In the paper linear forms in the logarithms of real algebraic numbers close to 1, it is written on page $9$ that
that is, by (12), $$b^{k(k-2)} \ll a^{k(k-2)} (a^2b^2)^{2.1(k-2)} \ll_k b^{4.2(k-2)}b^{8.4+2k}$$
Equation (12) is- $$b \geq (k^ka^{a-2})^\frac{1}{2} $$
Here, $3 \leq k \leq 149, 2^{49} < a, 2< b .$
I couldn't figure out how $ a^{k(k-2)} (a^2b^2)^{2.1(k-2)} \ll_k b^{4.2(k-2)}b^{8.4+2k}$
So, how do we prove
$ a^{k(k-2)} (a^2b^2)^{2.1(k-2)} \ll_k b^{4.2(k-2)}b^{8.4+2k}$ ?
Edit:
$ a^{k(k-2)} (a^2b^2)^{2.1(k-2)} \ll_k b^{4.2(k-2)}b^{8.4+2k}$
$\implies a^{k(k-2)} (a^2)^{2.1(k-2)} (b^2)^{2.1(k-2)} \ll_k b^{4.2(k-2)}b^{8.4+2k}$
$ \implies a^{k(k-2)} a^{4.2(k-2)} b^{4.2(k-2)} \ll_k b^{4.2(k-2)}b^{8.4+2k}$
$ \implies a^{k(k-2)} a^{4.2(k-2)} \ll_k b^{8.4+2k}$
$ \implies a^{(k-2)(k+ 4.2)} \ll_k b^{8.4+2k}$
EDIT: Fixed a calculation mistake
From $a>k$, $k^k>1$ and $b \geq (k^ka^{a-2})^\frac{1}{2}$, $b\geq (a^{a-2})^\frac{1}{2}>(a^{k-2})^\frac{1}{2}=a^\frac{k-2}{2}$.

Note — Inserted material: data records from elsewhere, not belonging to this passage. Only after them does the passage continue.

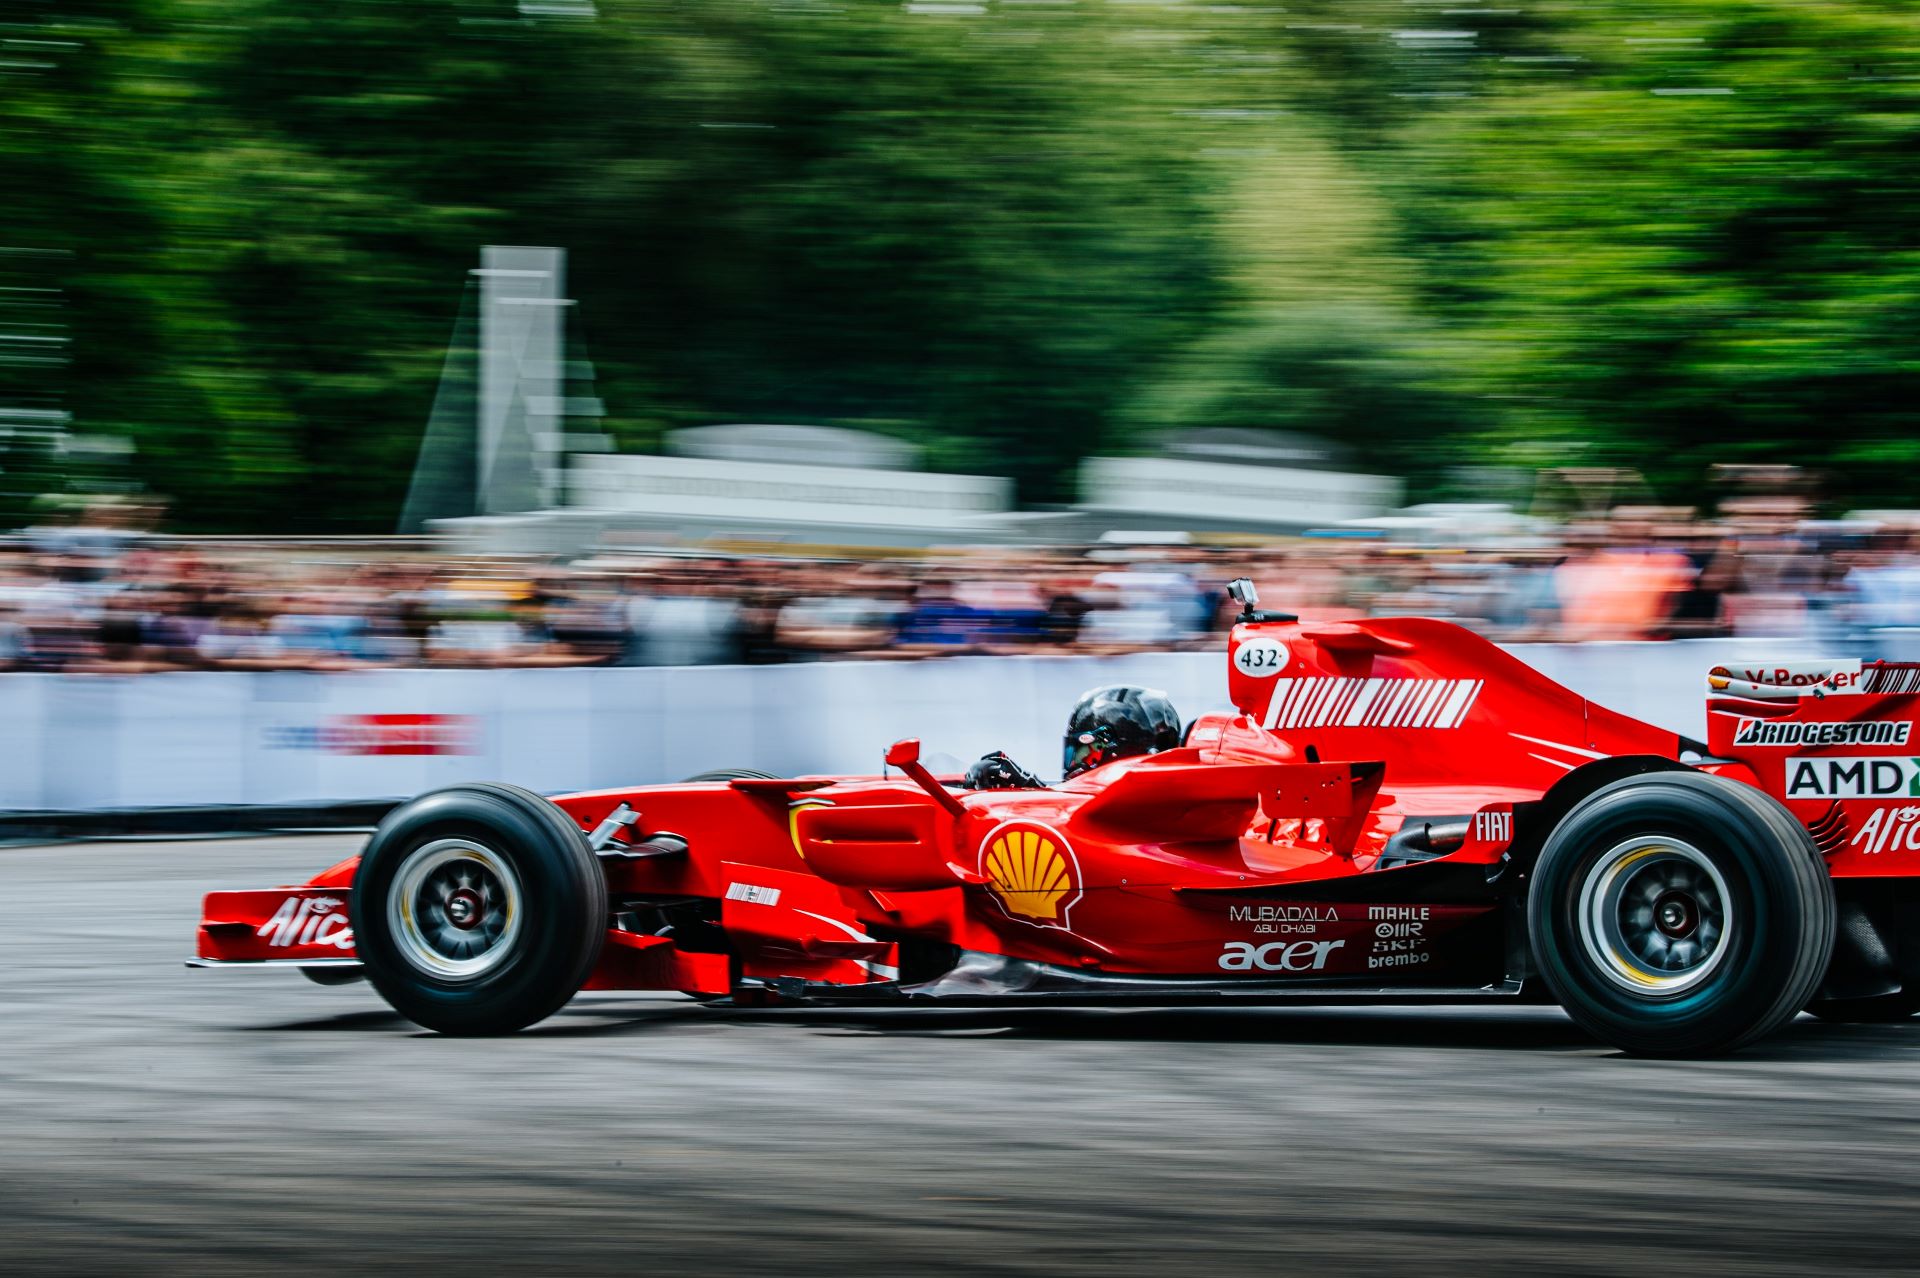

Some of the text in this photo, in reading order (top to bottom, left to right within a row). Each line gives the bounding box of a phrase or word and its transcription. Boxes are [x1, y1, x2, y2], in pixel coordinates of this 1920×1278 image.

[1241, 649, 1277, 667] 432
[1745, 668, 1860, 689] V-Power
[1735, 718, 1910, 745] BRIDGESTONE
[1788, 761, 1903, 795] AMD
[1476, 812, 1512, 841] FIAT
[1230, 906, 1339, 921] MUBADALA
[1369, 906, 1430, 920] MAHLE
[1254, 924, 1316, 933] ABU DHABI
[1373, 938, 1426, 952] SKF
[1218, 940, 1346, 970] acer
[1369, 952, 1430, 968] brembo
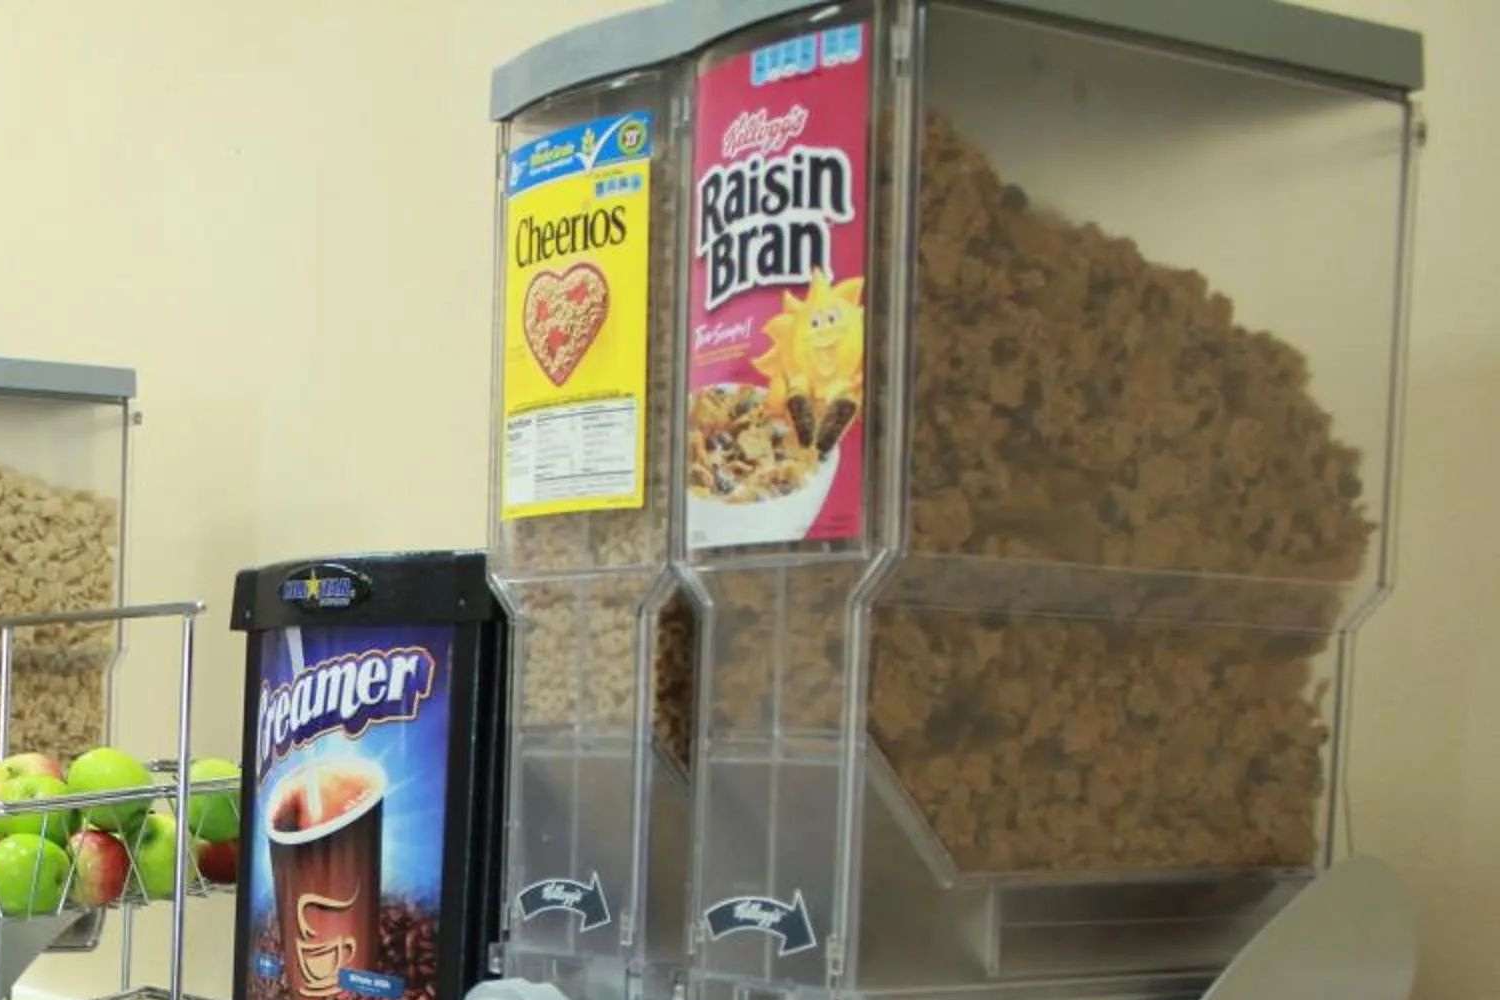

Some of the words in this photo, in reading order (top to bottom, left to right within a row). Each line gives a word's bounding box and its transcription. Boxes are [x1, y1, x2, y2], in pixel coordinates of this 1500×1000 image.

[722, 104, 808, 158] Kellogg's
[700, 151, 849, 244] Raisin
[516, 204, 628, 268] Cheerios
[710, 221, 824, 300] Bran
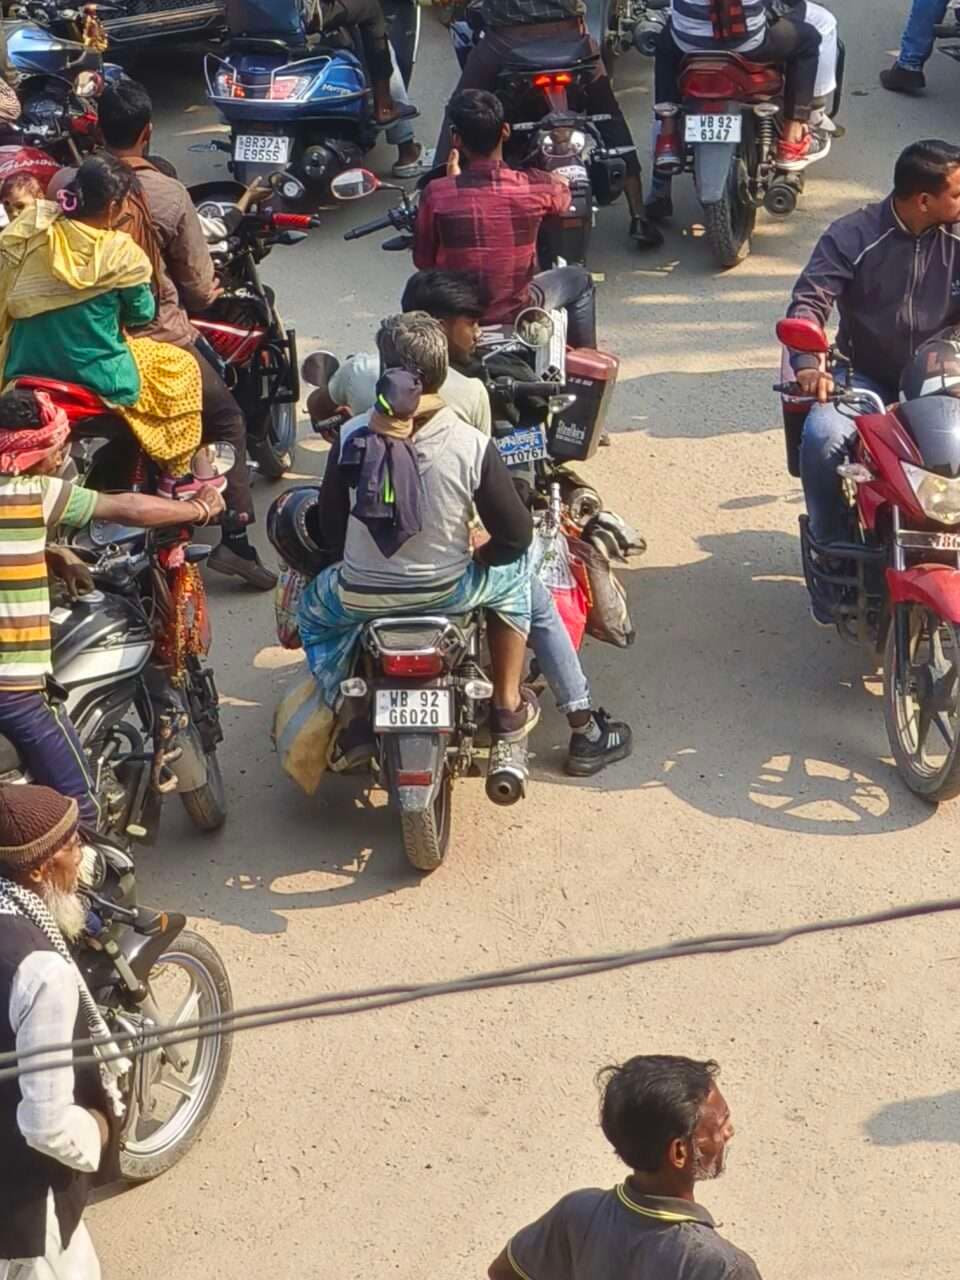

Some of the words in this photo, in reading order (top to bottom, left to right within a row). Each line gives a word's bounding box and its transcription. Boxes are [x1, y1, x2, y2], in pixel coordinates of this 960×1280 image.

Since $b$ cancels out in your equation, it remains to prove that $a^{k(k-2)+4.2(k-2)}<b^{8.4+2k}$, or $a^{(k-2)(k+4.2)}<b^{2(k+4.2)}$. Applying $b>a^\frac{k-2}{2}$ immediately gives the desired result.